Of all the visitors ever to climb the steps to her forge, Ambassador Melgator was one of the least welcome. Koriel Zeth watched the man approach, his thin body wrapped in a dark, ermine-trimmed robe, his few overt augmetics concealed beneath a hood of dark velvet. Though Kelbor-Hal's messenger was still some distance away, Zeth's enhanced vision saw that the ambassador had changed since last she had seen him.

His skin was waxen and unhealthy, yet his eyes remained dark pools of sinister purpose like a bearer of bad news eager to spread his misery. However, Melgator's presence, as unwelcome and unlooked for as it was, did not worry her so much as that of his companion.

Sheathed in an all-enclosing bodyglove of a gleaming synthetic material that rippled like blood across her skin, a slender female figure followed a discreet distance behind the ambassador.

Zeth needed no help from the noosphere to recognise what this woman was.

asked Magos Polk in a soft cant of binary. Zeth could read her apprenta's disquiet in the formulation of his numerics and hoped her own biometrics did not betray her unease so obviously.

'Yes,' she said. 'Do not speak to her if you can avoid it.'

'Have no worries about that,' promised Polk. 'Not if my life depended on it.'

'Let us hope it does not come to that, Polk,' said Zeth. 'But her presence here cannot be a good thing.'

'Surely the Fabricator General has merely despatched her as a guard for the ambassador after all the troubles we have had,' said Polk, his tone begging for reassurance.

'Perhaps, but I doubt it. To act merely as a bodyguard would be seen as beneath the skills of a tech-priest assassin.'

'Then why is she here?'

Zeth felt her irritation at Polk's questions grow, but forced it down. 'I expect we shall find out soon enough,' she said. This meeting with Kelbor-Hal's lackey would need a clear head and Zeth could not afford to be distracted by Polk's fear, even though it mirrored her own.

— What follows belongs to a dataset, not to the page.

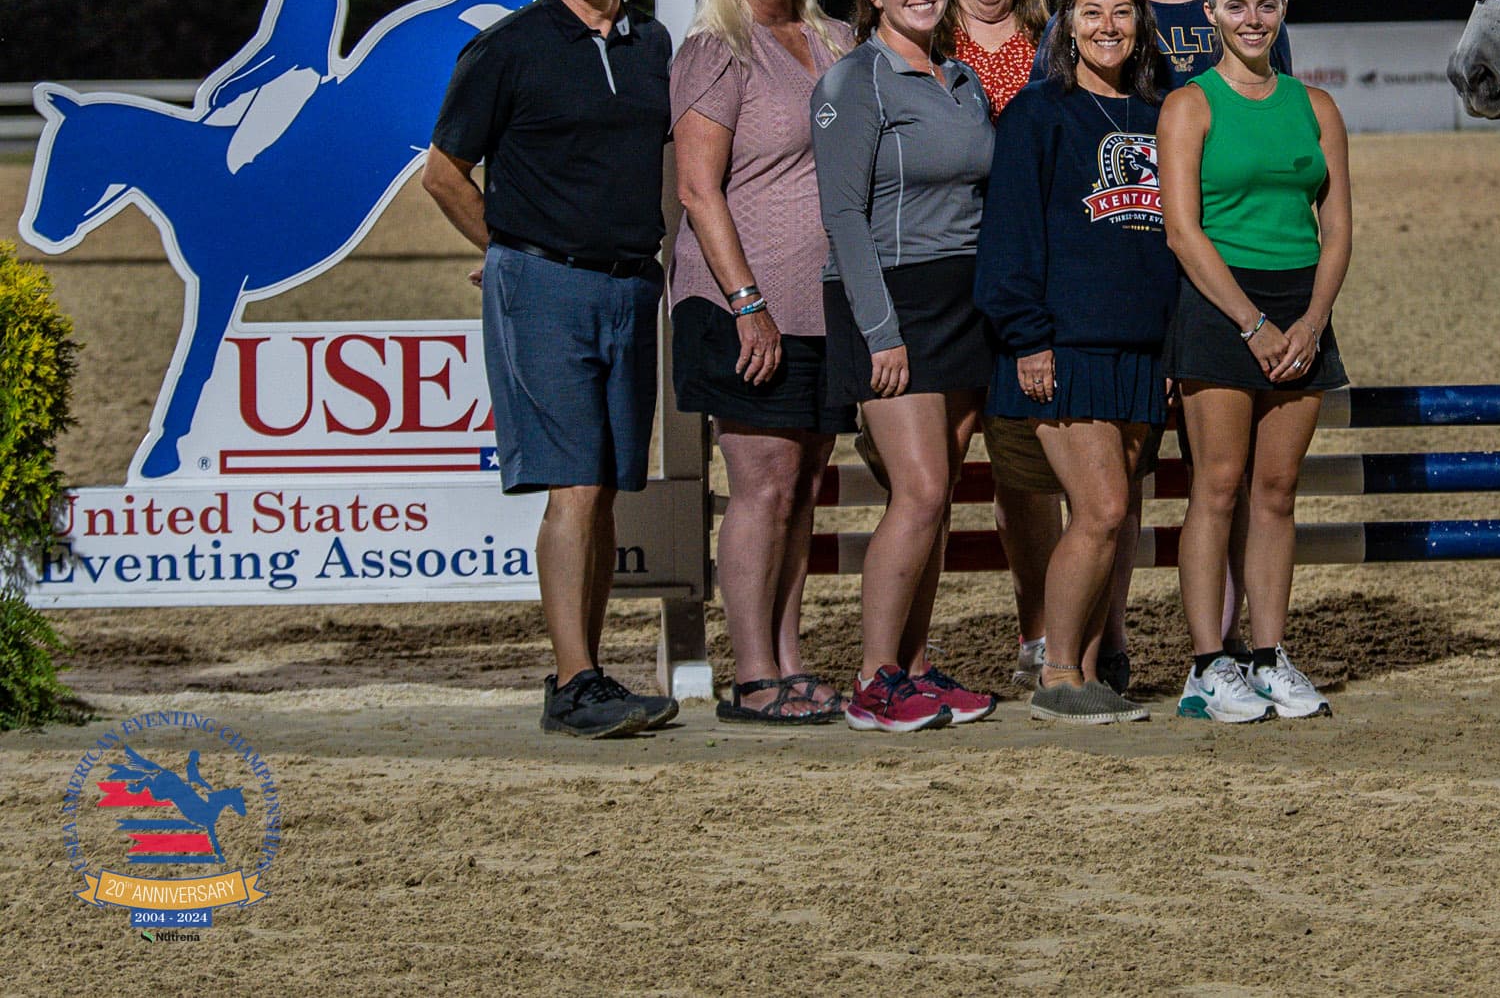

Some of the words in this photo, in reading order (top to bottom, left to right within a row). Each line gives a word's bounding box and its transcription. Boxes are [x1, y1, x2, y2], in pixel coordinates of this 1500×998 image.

The tech-priest assassins were a body of mysterious and aloof killers who had existed since the settling of Mars in the distant past. A law unto themselves, they answered to no authority save that of unknown masters said to dwell in the shadows of the Cydonia Mensae.

Melgator and his accomplice reached the plinth beneath the great portico, and Zeth wondered if this was how she was going to die, struck down by an assassin's blade, her vital fluids pouring down the steps of her forge.

Melgator smiled, though Zeth found nothing reassuring in its reptilian insincerity. The ambassador and his companion came towards her, passing into the splayed shadows of the piston columns and golden portico. Melgator moved with the clicking gait of one whose lower limbs were augmetic, while the assassin flowed across the milky white marble of the floor as though on ice.

Zeth saw that the assassin's legs were long and multi-jointed, fused together just above the ankles by a spar of metal, below which her legs ended not in feet, but in a complex series of magno-gravitic thrusters that skimmed her along just off the ground. Her athletic form was beautifully deadly, honed to perfect physicality by a rigorous regime of physical exercise, gene-manipulation and surgical augmentation.

Melgator stopped before Zeth and bowed deeply, his arms spread wide.

'Adept Zeth,' he began. 'It is a pleasure to once again visit your unique forge.'

'You are welcome, Ambassador Melgator,' said Zeth. 'This is my magos-apprenta, Adept Polk.'

She left her words hanging and Melgator read the pause expertly. He turned towards his companion, who wore a facemask fashioned in the form of a grinning crimson skull with a horn of gleaming metal jutting from its chin.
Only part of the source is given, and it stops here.